Items from a data source:
*** Begin section ***

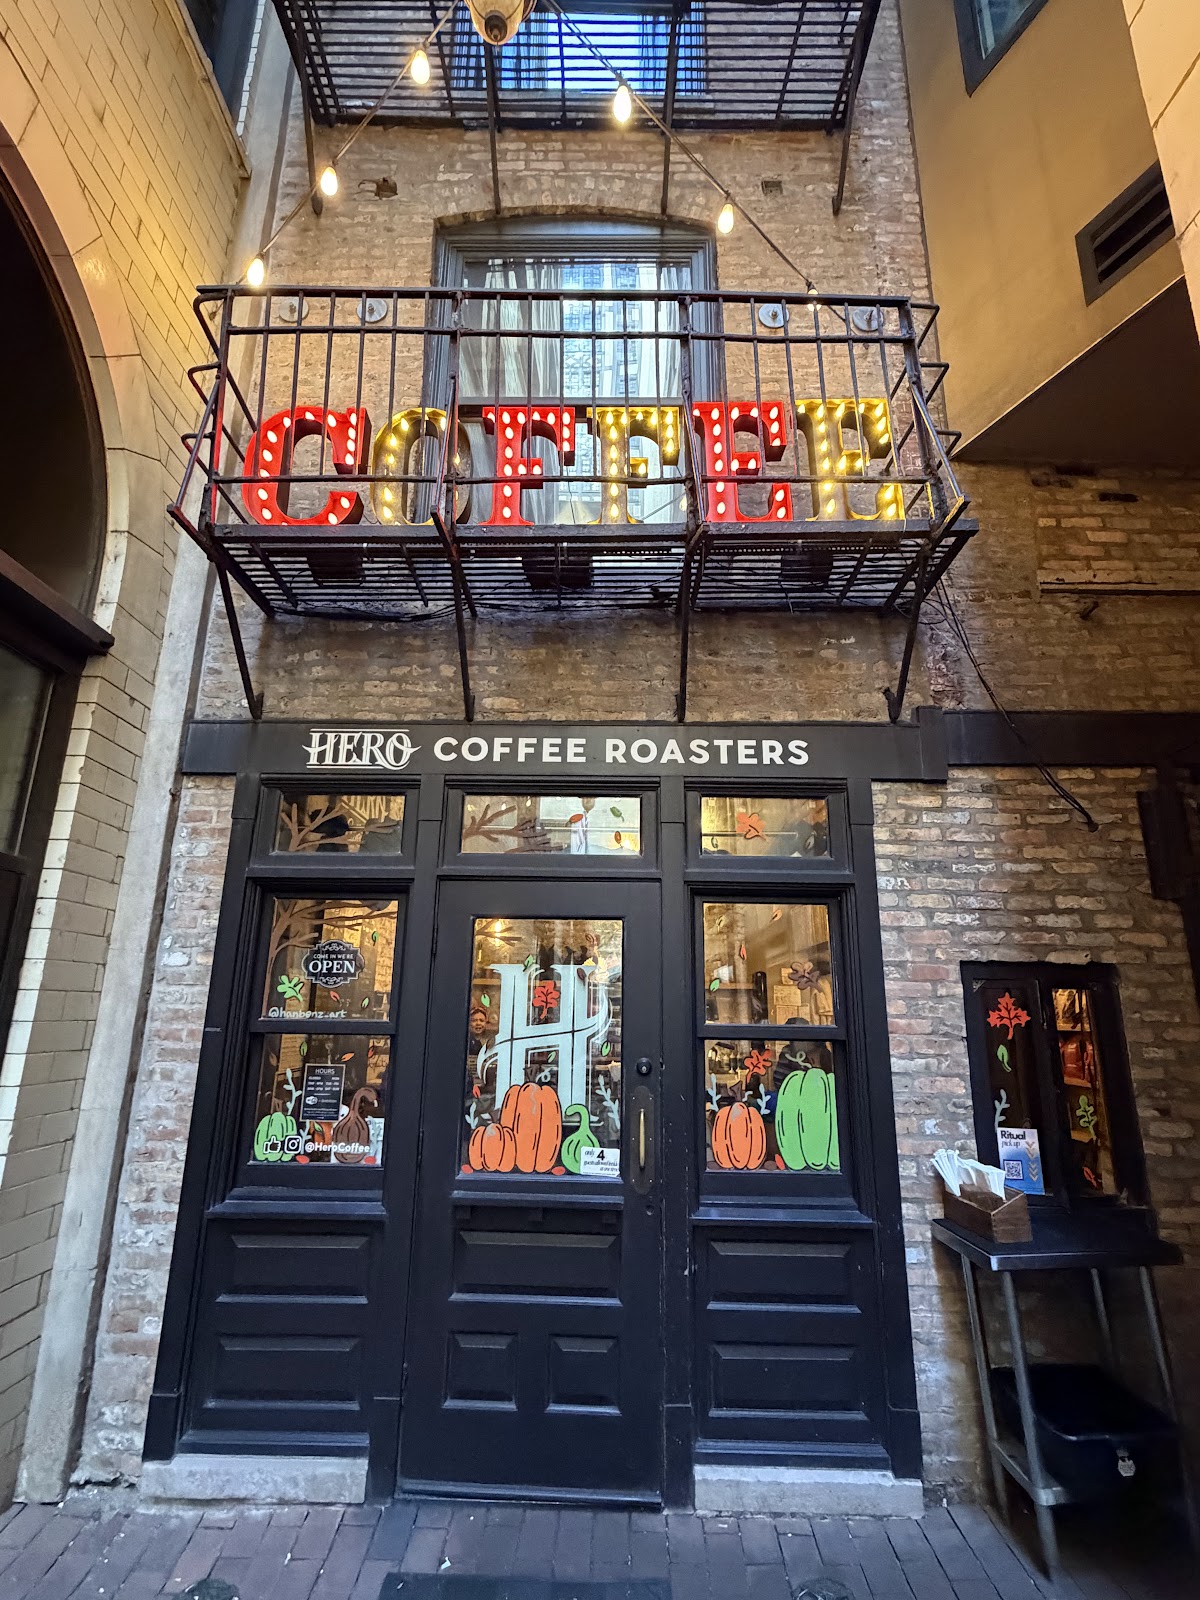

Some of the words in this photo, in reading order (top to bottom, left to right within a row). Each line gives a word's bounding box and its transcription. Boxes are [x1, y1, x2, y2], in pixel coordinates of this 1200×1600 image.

[243, 397, 907, 527] COFFEE
[302, 729, 421, 770] HERO
[434, 736, 587, 764] COFFEE
[606, 738, 810, 766] ROASTERS
[308, 960, 356, 974] OPEN
[1000, 1130, 1026, 1140] Ritual
[304, 1142, 371, 1153] @HeroCoffee
[596, 1149, 605, 1161] 4

*** End section ***

Give the records back exactly, with no pictures.

Some of the words in this photo, in reading order (top to bottom, left to right within a row). Each line gives a word's bounding box and its transcription. Boxes are [x1, y1, x2, y2], in pixel coordinates of this 1200×1600 image.

[243, 397, 907, 527] COFFEE
[302, 729, 421, 770] HERO
[434, 736, 587, 764] COFFEE
[606, 738, 810, 766] ROASTERS
[308, 960, 356, 974] OPEN
[1000, 1130, 1026, 1140] Ritual
[304, 1142, 371, 1153] @HeroCoffee
[596, 1149, 605, 1161] 4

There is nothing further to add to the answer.